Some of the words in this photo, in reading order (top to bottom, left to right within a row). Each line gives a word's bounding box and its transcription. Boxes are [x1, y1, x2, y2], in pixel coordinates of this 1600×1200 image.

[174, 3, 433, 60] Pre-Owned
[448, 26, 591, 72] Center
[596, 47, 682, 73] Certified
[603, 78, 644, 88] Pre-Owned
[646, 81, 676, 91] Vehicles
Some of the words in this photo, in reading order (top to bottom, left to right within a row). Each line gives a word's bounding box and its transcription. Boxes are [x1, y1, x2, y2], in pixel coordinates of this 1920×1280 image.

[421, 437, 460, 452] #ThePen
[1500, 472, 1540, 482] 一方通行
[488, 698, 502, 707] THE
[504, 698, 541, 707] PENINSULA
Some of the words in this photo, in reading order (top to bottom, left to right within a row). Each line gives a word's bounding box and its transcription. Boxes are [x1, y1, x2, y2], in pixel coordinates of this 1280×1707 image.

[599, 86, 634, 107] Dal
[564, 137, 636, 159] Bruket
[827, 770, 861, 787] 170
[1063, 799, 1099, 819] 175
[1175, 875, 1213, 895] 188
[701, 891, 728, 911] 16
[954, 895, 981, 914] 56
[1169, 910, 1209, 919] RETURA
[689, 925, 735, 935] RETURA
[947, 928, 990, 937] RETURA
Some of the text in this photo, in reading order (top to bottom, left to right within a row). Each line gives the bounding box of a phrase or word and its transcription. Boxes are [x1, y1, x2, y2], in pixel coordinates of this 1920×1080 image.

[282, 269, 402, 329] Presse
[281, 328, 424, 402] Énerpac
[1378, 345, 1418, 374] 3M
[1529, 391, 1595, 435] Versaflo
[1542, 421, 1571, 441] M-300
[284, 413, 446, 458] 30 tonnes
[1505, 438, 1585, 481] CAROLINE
════════════════
The records are to be repeated in full, exactly as they stand.

(ANSWER BELOW)
Some of the words in this photo, in reading order (top to bottom, left to right within a row). Each line gives a word's bounding box and its transcription. Boxes are [x1, y1, x2, y2], in pixel coordinates of this 1600×1200 image.

[174, 3, 433, 60] Pre-Owned
[448, 26, 591, 72] Center
[596, 47, 682, 73] Certified
[603, 78, 644, 88] Pre-Owned
[646, 81, 676, 91] Vehicles
Some of the words in this photo, in reading order (top to bottom, left to right within a row). Each line gives a word's bounding box and its transcription. Boxes are [x1, y1, x2, y2], in pixel coordinates of this 1920×1280 image.

[421, 437, 460, 452] #ThePen
[1500, 472, 1540, 482] 一方通行
[488, 698, 502, 707] THE
[504, 698, 541, 707] PENINSULA
Some of the words in this photo, in reading order (top to bottom, left to right within a row). Each line gives a word's bounding box and its transcription. Boxes are [x1, y1, x2, y2], in pixel coordinates of this 1280×1707 image.

[599, 86, 634, 107] Dal
[564, 137, 636, 159] Bruket
[827, 770, 861, 787] 170
[1063, 799, 1099, 819] 175
[1175, 875, 1213, 895] 188
[701, 891, 728, 911] 16
[954, 895, 981, 914] 56
[1169, 910, 1209, 919] RETURA
[689, 925, 735, 935] RETURA
[947, 928, 990, 937] RETURA
Some of the text in this photo, in reading order (top to bottom, left to right within a row). Each line gives the bounding box of a phrase or word and its transcription. Boxes are [x1, y1, x2, y2], in pixel coordinates of this 1920×1080 image.

[282, 269, 402, 329] Presse
[281, 328, 424, 402] Énerpac
[1378, 345, 1418, 374] 3M
[1529, 391, 1595, 435] Versaflo
[1542, 421, 1571, 441] M-300
[284, 413, 446, 458] 30 tonnes
[1505, 438, 1585, 481] CAROLINE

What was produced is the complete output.